• THE TASK:
Print the line that contains "this 1900×1425 image." and every line that follows it in the data below, ending with the final line; include nothing else.

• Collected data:
*** Block opens ***

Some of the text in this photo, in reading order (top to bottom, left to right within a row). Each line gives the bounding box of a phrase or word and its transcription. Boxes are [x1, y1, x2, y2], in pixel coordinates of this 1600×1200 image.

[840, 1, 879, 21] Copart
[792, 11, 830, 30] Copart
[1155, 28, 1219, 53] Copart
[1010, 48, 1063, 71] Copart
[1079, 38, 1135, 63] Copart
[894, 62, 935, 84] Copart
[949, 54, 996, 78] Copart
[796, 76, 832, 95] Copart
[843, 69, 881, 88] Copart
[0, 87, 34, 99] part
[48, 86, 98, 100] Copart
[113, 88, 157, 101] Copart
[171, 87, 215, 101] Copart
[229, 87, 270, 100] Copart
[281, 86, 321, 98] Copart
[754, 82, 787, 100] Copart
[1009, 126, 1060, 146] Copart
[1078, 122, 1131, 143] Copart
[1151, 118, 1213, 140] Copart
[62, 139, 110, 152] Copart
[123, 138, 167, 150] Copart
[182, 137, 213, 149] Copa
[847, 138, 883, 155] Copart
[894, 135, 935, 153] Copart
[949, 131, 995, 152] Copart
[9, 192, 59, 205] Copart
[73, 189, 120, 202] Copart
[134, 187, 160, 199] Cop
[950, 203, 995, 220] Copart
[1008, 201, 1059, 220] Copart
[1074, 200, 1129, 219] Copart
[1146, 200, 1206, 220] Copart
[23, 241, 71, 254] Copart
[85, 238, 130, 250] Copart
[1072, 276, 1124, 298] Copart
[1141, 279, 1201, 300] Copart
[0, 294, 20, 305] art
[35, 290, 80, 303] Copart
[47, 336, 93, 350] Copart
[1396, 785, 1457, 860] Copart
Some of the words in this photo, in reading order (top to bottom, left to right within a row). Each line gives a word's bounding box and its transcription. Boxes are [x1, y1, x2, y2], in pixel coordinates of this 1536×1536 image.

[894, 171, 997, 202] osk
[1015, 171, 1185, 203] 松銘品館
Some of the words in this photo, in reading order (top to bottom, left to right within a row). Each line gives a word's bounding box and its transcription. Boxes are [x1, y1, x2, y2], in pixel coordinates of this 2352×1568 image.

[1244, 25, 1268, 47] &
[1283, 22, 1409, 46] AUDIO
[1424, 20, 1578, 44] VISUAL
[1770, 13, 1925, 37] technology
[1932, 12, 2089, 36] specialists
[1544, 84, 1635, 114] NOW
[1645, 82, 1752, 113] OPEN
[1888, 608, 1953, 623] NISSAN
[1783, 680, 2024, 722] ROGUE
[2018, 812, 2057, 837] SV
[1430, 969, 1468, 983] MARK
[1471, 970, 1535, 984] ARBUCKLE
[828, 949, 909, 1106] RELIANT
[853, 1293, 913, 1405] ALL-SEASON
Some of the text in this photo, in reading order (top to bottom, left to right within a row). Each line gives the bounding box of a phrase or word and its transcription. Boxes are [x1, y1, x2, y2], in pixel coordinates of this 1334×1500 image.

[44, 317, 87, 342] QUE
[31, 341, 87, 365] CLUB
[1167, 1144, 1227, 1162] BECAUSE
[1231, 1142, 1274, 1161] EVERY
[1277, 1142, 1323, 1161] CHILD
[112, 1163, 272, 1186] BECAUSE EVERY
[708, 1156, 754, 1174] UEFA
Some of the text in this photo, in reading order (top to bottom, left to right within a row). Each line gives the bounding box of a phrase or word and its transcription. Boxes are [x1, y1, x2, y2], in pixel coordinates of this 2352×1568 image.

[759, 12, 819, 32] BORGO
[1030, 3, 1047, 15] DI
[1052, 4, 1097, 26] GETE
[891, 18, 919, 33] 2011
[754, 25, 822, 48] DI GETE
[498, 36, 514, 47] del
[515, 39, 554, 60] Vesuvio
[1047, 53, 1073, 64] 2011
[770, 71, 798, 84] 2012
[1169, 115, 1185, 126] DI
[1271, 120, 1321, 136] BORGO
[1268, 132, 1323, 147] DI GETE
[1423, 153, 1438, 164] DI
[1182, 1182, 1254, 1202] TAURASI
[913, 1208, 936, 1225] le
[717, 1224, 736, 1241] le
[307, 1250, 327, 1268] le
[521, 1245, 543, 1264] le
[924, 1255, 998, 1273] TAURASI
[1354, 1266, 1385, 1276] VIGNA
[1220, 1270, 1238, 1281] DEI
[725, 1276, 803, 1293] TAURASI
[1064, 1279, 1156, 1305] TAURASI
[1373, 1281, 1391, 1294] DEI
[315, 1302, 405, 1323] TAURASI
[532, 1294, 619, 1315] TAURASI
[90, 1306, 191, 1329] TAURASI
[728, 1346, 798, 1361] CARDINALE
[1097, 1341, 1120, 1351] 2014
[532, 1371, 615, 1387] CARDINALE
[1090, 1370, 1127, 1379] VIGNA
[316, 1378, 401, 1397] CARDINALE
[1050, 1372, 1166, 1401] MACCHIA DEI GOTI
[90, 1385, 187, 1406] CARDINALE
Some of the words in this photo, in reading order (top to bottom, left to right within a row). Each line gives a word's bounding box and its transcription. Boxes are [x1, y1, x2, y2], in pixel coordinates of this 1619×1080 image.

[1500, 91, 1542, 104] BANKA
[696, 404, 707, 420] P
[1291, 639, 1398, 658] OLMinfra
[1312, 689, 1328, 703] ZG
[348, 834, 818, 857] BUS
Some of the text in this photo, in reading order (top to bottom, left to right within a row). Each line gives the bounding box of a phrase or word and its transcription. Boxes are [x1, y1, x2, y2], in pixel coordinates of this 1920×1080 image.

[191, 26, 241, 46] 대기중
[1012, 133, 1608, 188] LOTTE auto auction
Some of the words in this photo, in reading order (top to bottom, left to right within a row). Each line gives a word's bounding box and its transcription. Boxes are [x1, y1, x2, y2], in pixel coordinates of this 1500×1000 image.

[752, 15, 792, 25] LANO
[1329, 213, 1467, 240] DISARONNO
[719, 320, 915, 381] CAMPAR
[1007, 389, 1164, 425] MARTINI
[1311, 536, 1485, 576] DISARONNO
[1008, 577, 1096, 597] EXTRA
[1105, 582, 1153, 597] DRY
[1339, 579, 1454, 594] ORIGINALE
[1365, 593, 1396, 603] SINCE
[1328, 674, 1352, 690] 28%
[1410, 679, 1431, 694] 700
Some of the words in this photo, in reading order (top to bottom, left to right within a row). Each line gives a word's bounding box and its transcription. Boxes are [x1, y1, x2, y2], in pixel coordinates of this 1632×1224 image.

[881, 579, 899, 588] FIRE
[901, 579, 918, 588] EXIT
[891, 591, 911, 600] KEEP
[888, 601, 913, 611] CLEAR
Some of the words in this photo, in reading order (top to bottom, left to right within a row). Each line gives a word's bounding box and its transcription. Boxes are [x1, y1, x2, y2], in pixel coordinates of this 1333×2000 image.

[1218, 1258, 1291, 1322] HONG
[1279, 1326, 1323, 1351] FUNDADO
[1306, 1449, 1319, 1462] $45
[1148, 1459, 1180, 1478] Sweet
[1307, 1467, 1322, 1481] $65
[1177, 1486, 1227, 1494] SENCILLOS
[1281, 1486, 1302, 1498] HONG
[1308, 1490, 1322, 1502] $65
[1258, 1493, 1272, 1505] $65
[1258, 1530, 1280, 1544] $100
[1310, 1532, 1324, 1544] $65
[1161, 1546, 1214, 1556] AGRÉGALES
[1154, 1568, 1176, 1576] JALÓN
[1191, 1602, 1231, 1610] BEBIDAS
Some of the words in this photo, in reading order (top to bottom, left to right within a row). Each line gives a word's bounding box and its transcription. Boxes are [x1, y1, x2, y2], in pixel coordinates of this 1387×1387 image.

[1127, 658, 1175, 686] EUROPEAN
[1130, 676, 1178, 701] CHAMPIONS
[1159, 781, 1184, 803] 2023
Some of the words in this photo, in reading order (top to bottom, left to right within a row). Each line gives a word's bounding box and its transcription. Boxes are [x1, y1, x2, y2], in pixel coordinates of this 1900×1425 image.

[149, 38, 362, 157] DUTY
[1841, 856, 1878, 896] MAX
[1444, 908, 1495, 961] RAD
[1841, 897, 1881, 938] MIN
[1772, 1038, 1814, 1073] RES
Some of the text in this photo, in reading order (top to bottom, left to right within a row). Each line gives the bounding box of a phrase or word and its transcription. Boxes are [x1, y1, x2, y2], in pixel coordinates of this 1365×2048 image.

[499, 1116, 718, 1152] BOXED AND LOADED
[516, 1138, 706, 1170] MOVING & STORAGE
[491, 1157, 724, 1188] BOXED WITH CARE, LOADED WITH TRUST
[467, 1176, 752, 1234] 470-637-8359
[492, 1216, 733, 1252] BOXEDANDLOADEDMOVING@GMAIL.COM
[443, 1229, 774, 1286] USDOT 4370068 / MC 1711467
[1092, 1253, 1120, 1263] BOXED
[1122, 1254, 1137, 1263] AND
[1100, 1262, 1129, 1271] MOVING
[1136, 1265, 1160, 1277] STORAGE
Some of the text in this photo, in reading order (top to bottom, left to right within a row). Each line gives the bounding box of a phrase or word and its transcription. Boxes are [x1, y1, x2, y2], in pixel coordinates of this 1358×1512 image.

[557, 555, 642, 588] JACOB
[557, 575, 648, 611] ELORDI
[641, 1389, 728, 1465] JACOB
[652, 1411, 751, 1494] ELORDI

*** Block closes ***

• SOLUTION:
Some of the words in this photo, in reading order (top to bottom, left to right within a row). Each line gives a word's bounding box and its transcription. Boxes are [x1, y1, x2, y2], in pixel coordinates of this 1900×1425 image.

[149, 38, 362, 157] DUTY
[1841, 856, 1878, 896] MAX
[1444, 908, 1495, 961] RAD
[1841, 897, 1881, 938] MIN
[1772, 1038, 1814, 1073] RES
Some of the text in this photo, in reading order (top to bottom, left to right within a row). Each line gives the bounding box of a phrase or word and its transcription. Boxes are [x1, y1, x2, y2], in pixel coordinates of this 1365×2048 image.

[499, 1116, 718, 1152] BOXED AND LOADED
[516, 1138, 706, 1170] MOVING & STORAGE
[491, 1157, 724, 1188] BOXED WITH CARE, LOADED WITH TRUST
[467, 1176, 752, 1234] 470-637-8359
[492, 1216, 733, 1252] BOXEDANDLOADEDMOVING@GMAIL.COM
[443, 1229, 774, 1286] USDOT 4370068 / MC 1711467
[1092, 1253, 1120, 1263] BOXED
[1122, 1254, 1137, 1263] AND
[1100, 1262, 1129, 1271] MOVING
[1136, 1265, 1160, 1277] STORAGE
Some of the text in this photo, in reading order (top to bottom, left to right within a row). Each line gives the bounding box of a phrase or word and its transcription. Boxes are [x1, y1, x2, y2], in pixel coordinates of this 1358×1512 image.

[557, 555, 642, 588] JACOB
[557, 575, 648, 611] ELORDI
[641, 1389, 728, 1465] JACOB
[652, 1411, 751, 1494] ELORDI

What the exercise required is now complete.